Edson Raso enfatiza a necessidade urgente de regulamentar a actividade de mineração artesanal para torná-la sustentável. “Não podemos simplesmente proibir o garimpo, pois muitas famílias dependem dele para sua subsistência. É preciso regularizar a actividade e introduzir novas técnicas de mineração que minimizem o impacto ambiental e protejam a saúde dos mineradores,” argumentou.
A falta de regulamentação e práticas inadequadas não só comprometem a saúde humana e o ambiente, como também põem em risco a produção agrícola na região. Muitos agricultores têm abandonado a agricultura em favor da mineração arte sanal, deixando campos outrora férteis ao abandono.
Ameaças ao Rio Revué
O Rio Revué, vital para a barragem Hidroeléctrica de Chicamba e para o abastecimento de água na região, está em perigo devido às práticas de mineração.
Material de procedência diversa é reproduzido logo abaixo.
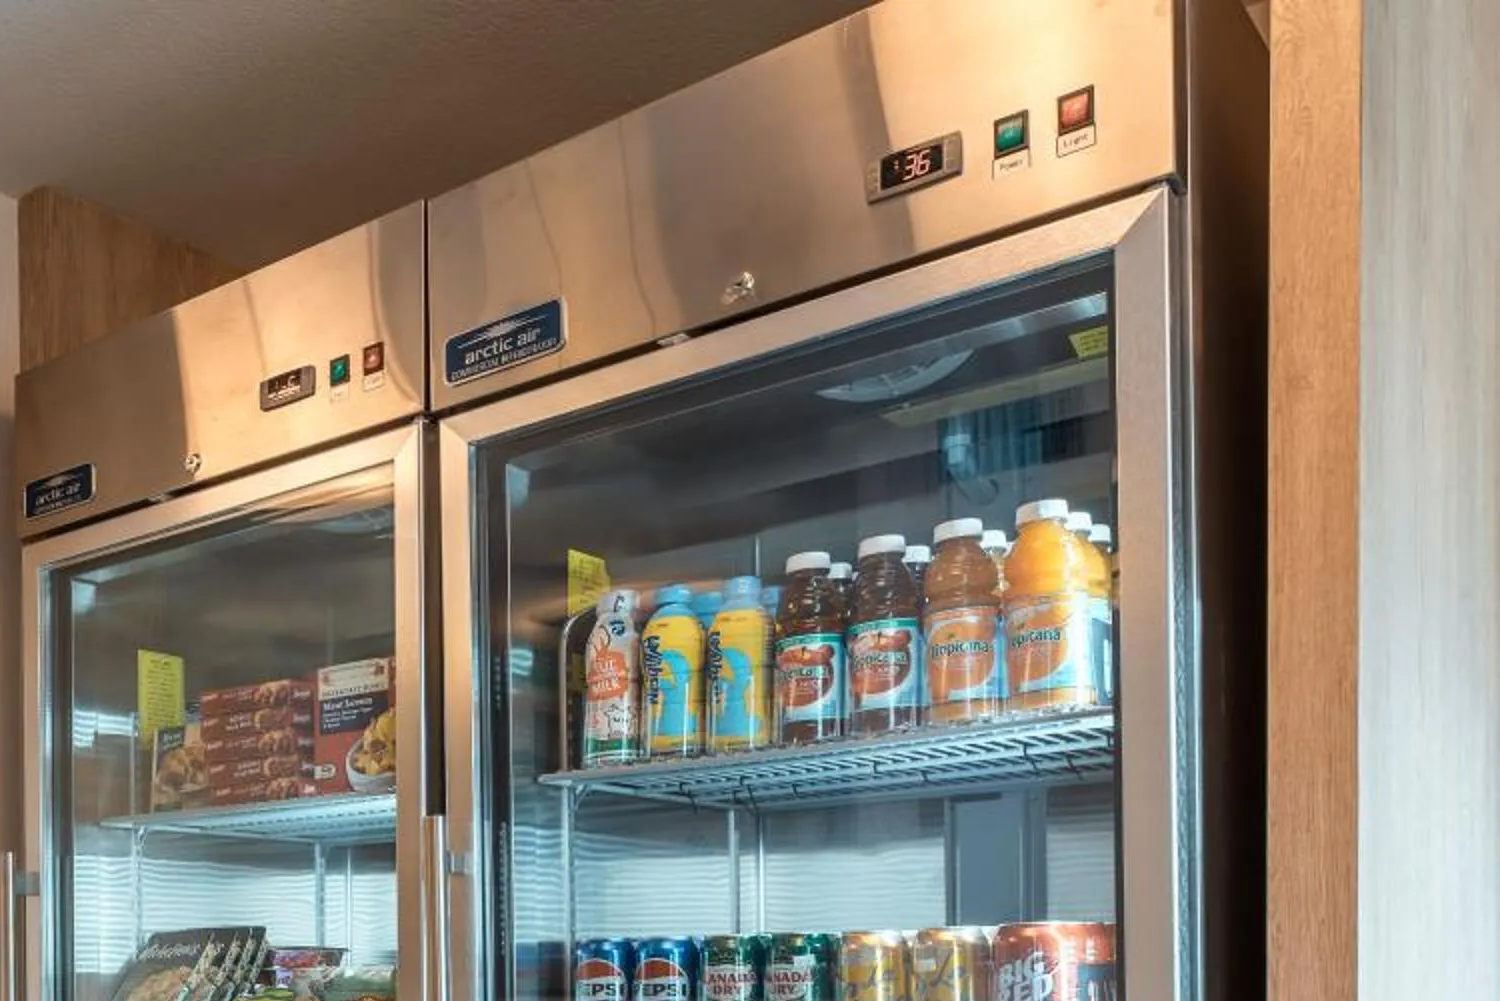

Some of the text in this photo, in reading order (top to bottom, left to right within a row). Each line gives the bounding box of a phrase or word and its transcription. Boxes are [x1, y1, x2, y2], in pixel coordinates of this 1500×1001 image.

[902, 150, 931, 181] 36
[465, 326, 541, 365] arctic air
[999, 951, 1047, 988] BIG
O assoreamento elevado e a poluição ameaçam não só o curso de água, mas também as actividades agrícolas e económicas das comunidades locais.
Os níveis de assoreamento do Rio Revué são particularmente preocupantes. O leito do rio está a ser preenchido por sedimentos resultantes da mineração, o que compromete a qualidade da água e a capacidade de irrigação das áreas agrícolas adjacentes. Raso destaca que medidas urgentes são necessárias para mitigar os efeitos do garimpo e preservar este importante recurso hídrico.
“A actividade pecuária e agrária, fontes de rendimento das comunidades locais, também estão ameaçadas. A turbidez das águas está acima do normal e o aumento da deposição de material argiloso ao longo do rio está a deteriorar a qualidade da água,” observou Raso, alertando para a necessidade de intervenções rápidas para evitar um desastre ecológico.
O futuro da mineração em Manica
A situação em Manica exige uma abordagem equilibrada que considere tanto os impactos ambientais quanto as necessidades económicas das comunidades locais. Edson Raso sublinha a importância de desenvolver técnicas de mineração sustentáveis que possam minimizar os danos ao meio ambiente, garantindo ao mesmo tempo que as comunidades possam continuar a beneficiar-se dos recursos naturais da região.
O governo de Moçambique tem levado a cabo um conjunto de medidas com vista a travar esta situação, mas ainda há muito a ser feito. As autoridades devem implementar regulamentações mais rigorosas e promover práticas de mineração responsáveis que protejam tanto as pessoas quanto o ambiente.